Patients with LSTV differed significantly from the control group in the distribution of segmental mobility. While in patients without LSTV 16.2% of the total lumbar RoM–measured as a sum of all segmental wedge angles occurred in the segment L5/S1, in patients with LSTV 5.7% of the lumbar mobility resulted from the transitional segment (p = 0.002) as shown in Table 4. In contrast, in patients with LSTV 30.7% of lumbar motility resulted from the cranial adjacent segment to the LSTV, whereas in the control group, 21.6% of the lumbar flexibility resulted from the segment L4/5 (p = 0.007). In the upper lumbar segments L1/2 (p = 0.943), L2/3 (p = 0.723) and L3/4 (p = 0.266) patients with LSTV and the control group did not differ significantly in distribution of lumbar mobility.

Table 4

Distribution of lumbar mobility to lumbar segments.
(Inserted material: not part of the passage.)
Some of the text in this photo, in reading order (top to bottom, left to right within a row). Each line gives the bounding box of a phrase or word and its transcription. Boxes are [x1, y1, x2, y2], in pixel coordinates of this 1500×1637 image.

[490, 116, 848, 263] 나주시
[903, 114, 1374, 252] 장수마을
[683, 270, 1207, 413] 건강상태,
	LSTV	Control group	p-value
Transitional Segment/ L5/S1	5.7%	16.2%	0.002
Cranial adjacent segment/ L4/5	30.7%	21.6%	0.007
L3/4	23.4%	20.4%	0.266
L2/3	21.4%	21.7%	0.723
L1/2	18.7%	20.1%	0.943

Table 4 shows the relative segmental lordosis based on the segmental wedge angle. Patients with LSTV have significantly reduced proportion of lumbar flexibility in the transitional segment and increased mobility in the cranial adjacent segment compared to the control group, whereas no differences was detected for the other lumbar segments.
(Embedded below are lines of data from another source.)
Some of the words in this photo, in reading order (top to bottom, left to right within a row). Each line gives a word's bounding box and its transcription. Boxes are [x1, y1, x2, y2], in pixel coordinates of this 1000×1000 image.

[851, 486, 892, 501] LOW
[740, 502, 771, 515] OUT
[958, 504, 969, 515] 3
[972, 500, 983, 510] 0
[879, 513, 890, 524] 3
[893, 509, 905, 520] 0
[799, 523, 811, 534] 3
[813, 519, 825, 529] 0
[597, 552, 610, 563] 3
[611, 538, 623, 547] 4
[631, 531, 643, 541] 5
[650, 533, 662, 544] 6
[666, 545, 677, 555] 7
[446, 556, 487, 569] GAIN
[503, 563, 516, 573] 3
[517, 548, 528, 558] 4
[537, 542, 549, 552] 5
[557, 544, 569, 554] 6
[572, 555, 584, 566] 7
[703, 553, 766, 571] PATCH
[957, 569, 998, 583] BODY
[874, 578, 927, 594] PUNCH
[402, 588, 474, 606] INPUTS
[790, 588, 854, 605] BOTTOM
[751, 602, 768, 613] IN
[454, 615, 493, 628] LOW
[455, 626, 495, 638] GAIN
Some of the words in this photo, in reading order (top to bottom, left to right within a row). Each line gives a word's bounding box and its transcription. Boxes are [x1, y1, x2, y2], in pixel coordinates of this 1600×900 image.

Influence of Castellvi grading of LSTV on segmental mobility

Expression and grading of LSTV, classified according to Castellvi, did not correlate significantly with a reduced absolute mobility in the transitional segment (p = 0.862, r = -0.046) nor with extended motion in the cranial adjacent segment (p = 0.674, r = -0.110).

Discussion

This is the first study to investigate the segmental distribution of lumbar mobility in vivo in patients with LSTV with flexion-extension radiographs. Our results show that LSTV significantly alter the distribution of motion in the lumbar spine in vivo. While movement in the transitional segment was significantly reduced in patients with LSTV compared to segment L5/S1 of the control group, there was a significantly increased distribution of movement to the cranially adjacent segment.
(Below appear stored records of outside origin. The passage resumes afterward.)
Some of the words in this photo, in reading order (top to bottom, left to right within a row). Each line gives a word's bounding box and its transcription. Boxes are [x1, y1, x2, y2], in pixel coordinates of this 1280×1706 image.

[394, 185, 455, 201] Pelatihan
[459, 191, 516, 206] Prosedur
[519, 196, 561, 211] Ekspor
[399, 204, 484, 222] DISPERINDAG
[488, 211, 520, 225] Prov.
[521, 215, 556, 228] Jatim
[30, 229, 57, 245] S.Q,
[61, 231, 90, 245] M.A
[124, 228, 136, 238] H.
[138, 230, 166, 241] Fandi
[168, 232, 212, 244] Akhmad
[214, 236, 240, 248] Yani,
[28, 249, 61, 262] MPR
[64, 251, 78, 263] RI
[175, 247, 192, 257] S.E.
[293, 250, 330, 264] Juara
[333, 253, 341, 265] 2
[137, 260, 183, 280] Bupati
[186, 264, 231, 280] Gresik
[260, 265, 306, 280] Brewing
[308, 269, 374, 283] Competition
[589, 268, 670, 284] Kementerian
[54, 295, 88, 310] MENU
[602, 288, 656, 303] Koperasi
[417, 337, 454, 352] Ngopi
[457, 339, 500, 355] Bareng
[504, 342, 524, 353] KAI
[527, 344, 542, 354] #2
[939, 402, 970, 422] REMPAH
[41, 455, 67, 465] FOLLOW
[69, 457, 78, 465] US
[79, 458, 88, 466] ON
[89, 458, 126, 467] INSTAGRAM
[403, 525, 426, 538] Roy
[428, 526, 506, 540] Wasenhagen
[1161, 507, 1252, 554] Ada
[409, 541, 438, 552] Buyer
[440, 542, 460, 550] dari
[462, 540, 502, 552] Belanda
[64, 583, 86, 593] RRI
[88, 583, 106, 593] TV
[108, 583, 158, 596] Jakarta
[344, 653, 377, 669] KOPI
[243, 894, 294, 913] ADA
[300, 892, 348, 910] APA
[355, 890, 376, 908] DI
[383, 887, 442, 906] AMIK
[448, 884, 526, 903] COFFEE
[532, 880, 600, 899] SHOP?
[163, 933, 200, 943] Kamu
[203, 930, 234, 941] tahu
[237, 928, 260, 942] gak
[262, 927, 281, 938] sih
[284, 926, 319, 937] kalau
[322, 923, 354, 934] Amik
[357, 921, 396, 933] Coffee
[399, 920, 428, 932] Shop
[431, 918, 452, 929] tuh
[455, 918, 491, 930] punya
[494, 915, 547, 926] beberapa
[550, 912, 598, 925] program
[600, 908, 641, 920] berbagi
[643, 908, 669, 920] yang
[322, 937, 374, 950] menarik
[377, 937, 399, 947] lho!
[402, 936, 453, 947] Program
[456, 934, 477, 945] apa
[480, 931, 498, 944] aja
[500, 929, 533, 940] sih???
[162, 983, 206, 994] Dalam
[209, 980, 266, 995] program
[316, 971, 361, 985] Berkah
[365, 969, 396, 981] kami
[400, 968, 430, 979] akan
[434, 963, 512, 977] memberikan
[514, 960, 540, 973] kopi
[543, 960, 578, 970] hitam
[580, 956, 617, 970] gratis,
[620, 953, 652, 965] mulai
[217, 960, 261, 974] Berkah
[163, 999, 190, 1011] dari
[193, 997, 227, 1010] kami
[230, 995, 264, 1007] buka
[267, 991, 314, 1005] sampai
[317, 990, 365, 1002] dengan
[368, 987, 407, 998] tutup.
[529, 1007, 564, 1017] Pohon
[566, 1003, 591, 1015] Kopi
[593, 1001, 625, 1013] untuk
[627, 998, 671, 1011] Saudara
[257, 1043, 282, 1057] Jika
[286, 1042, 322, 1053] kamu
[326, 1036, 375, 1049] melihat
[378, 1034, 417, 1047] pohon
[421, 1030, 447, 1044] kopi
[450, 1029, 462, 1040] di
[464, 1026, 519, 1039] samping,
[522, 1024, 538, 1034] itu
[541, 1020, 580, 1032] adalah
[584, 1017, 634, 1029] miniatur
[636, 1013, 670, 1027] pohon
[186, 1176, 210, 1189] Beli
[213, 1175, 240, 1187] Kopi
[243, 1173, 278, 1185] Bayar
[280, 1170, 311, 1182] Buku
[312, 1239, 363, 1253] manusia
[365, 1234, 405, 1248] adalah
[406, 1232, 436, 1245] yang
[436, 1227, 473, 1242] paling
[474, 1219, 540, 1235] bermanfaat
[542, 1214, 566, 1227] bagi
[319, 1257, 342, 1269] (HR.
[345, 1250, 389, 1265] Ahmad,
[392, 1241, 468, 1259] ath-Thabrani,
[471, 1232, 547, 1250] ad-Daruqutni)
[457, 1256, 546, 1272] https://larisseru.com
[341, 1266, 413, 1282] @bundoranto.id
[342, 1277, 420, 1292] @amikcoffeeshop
In our cohort, 33.3% of patients presented with LSTV. The prevalence of LSTV in our study was therefore within the range of 5–36% prevalence reported in the literature [16-18]. The reported prevalence of LSTV differs, pending on the selected patients collective and to be dependent on regional factors [2, 12, 19–21]. Dzupa et al. reported a comparable prevalence of 27.6% in their study of a caucasian patients collective based on pelvic x-rays, unconnected to back pain [19]. While Hanhivaara et al. detected a prevalence of 21.1% in a Swedish collective of patients with back pain [12]. Haffer et al. reported a prevalence of 6.5% in a collective of patients without back pain from a central european collective [20]. Whereas Tang et al detected a prevalence of 15.8% in a Chinese Han population without pre-selection for back pain [2]. The study of Sekharappa et al. indicates the association between back pain and the presence of LSTV. In a study of an urological collective without back pain, he detected a prevalence of 8.1% whereas he reported a prevalence of 14% in a spine outpatient care department of the same hospital [21].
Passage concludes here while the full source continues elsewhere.